* The task
For each entry below, copy the text exactly and leave out any picture.

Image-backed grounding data
********

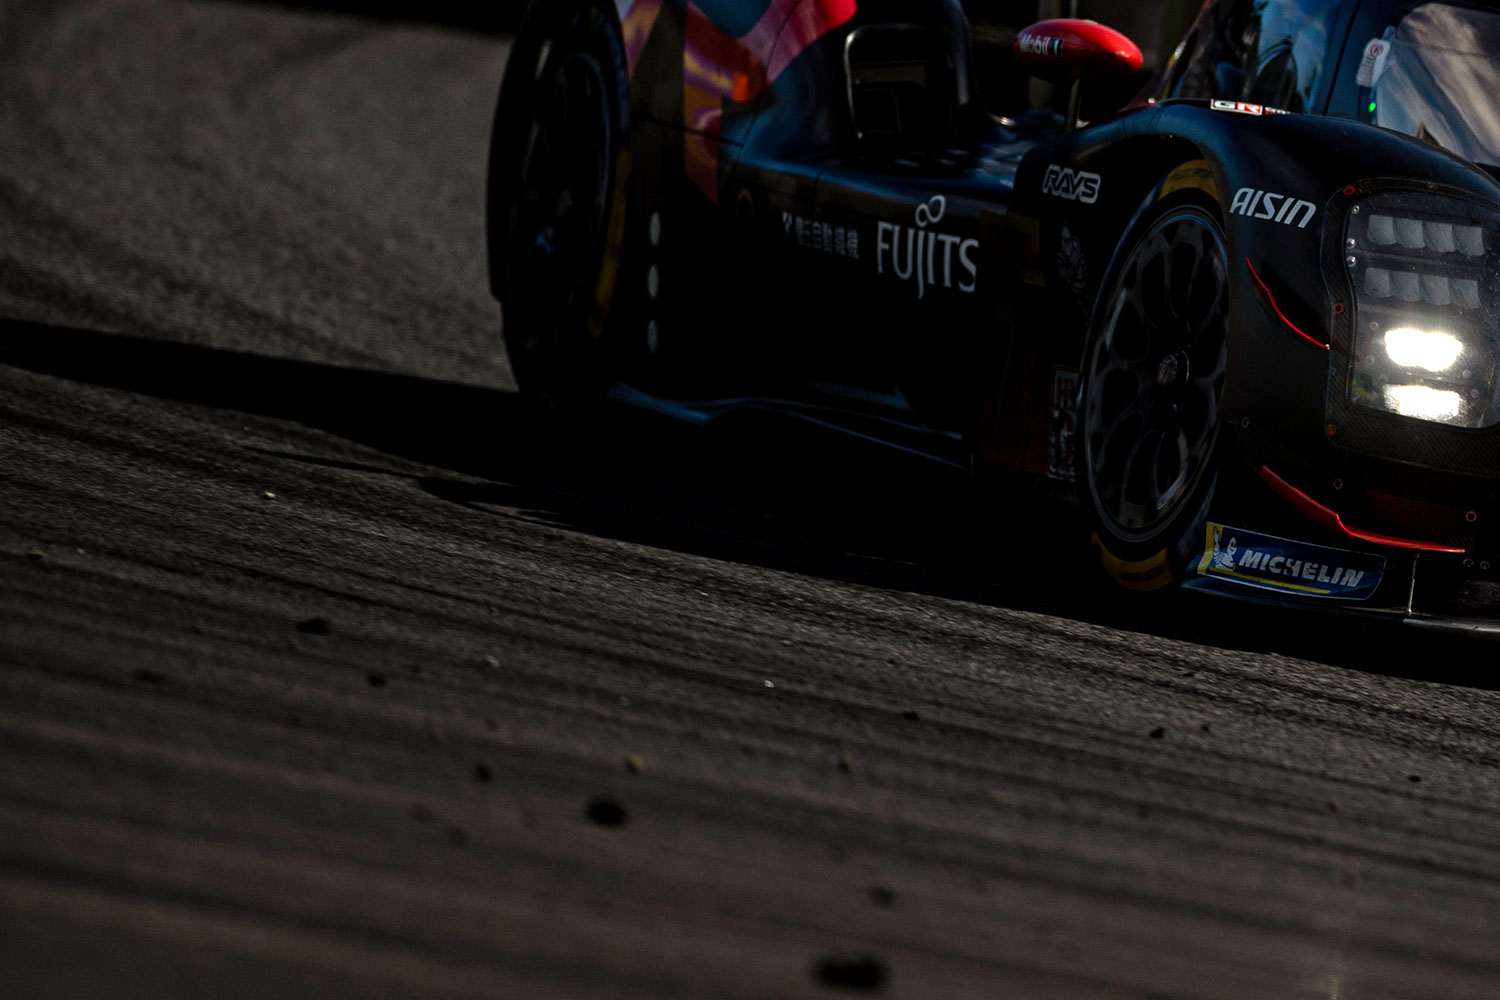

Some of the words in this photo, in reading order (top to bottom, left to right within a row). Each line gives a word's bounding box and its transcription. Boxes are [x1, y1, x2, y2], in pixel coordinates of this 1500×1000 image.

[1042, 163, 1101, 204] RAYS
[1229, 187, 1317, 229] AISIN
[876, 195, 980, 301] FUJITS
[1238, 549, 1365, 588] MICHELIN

********

* Exercise result
Some of the words in this photo, in reading order (top to bottom, left to right within a row). Each line gives a word's bounding box and its transcription. Boxes are [x1, y1, x2, y2], in pixel coordinates of this 1500×1000 image.

[1042, 163, 1101, 204] RAYS
[1229, 187, 1317, 229] AISIN
[876, 195, 980, 301] FUJITS
[1238, 549, 1365, 588] MICHELIN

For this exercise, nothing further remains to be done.